What is needed: Leave out the pictures and transcribe the rest of the records exactly.

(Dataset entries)
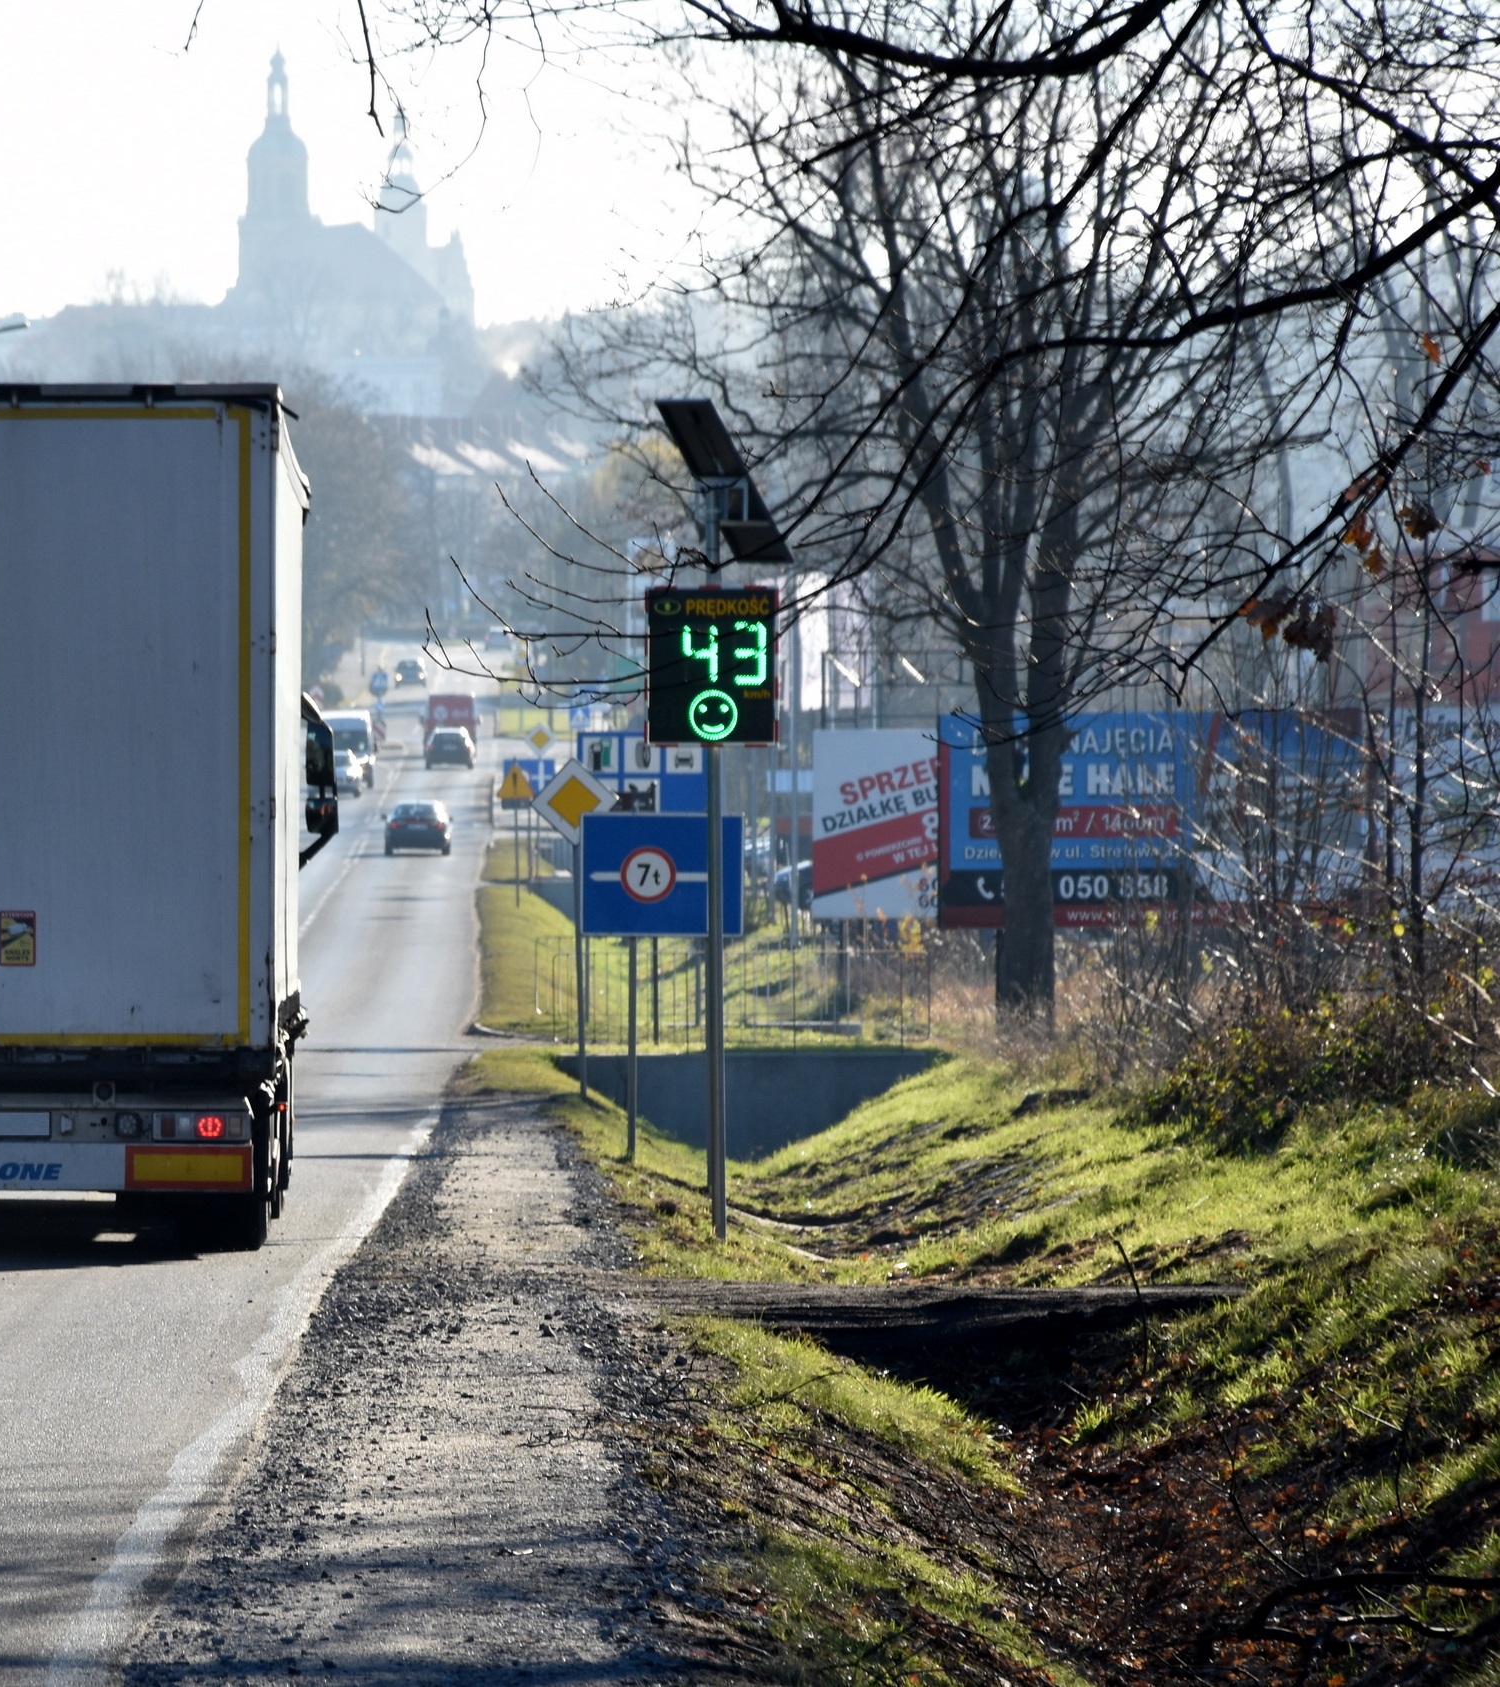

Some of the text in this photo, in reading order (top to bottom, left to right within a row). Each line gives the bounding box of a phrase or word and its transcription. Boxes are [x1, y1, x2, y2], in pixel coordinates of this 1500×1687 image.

[685, 595, 770, 619] PRĘDKOŚĆ
[682, 620, 767, 686] 43
[743, 689, 771, 699] km/h
[1087, 761, 1176, 797] HALE
[822, 794, 909, 833] DZIAŁKĘ
[893, 852, 906, 864] W
[909, 844, 930, 860] TEJ
[1059, 875, 1109, 899] 050

Answer area:
Some of the text in this photo, in reading order (top to bottom, left to right within a row). Each line gives the bounding box of a phrase or word and its transcription. Boxes are [x1, y1, x2, y2], in pixel coordinates of this 1500×1687 image.

[685, 595, 770, 619] PRĘDKOŚĆ
[682, 620, 767, 686] 43
[743, 689, 771, 699] km/h
[1087, 761, 1176, 797] HALE
[822, 794, 909, 833] DZIAŁKĘ
[893, 852, 906, 864] W
[909, 844, 930, 860] TEJ
[1059, 875, 1109, 899] 050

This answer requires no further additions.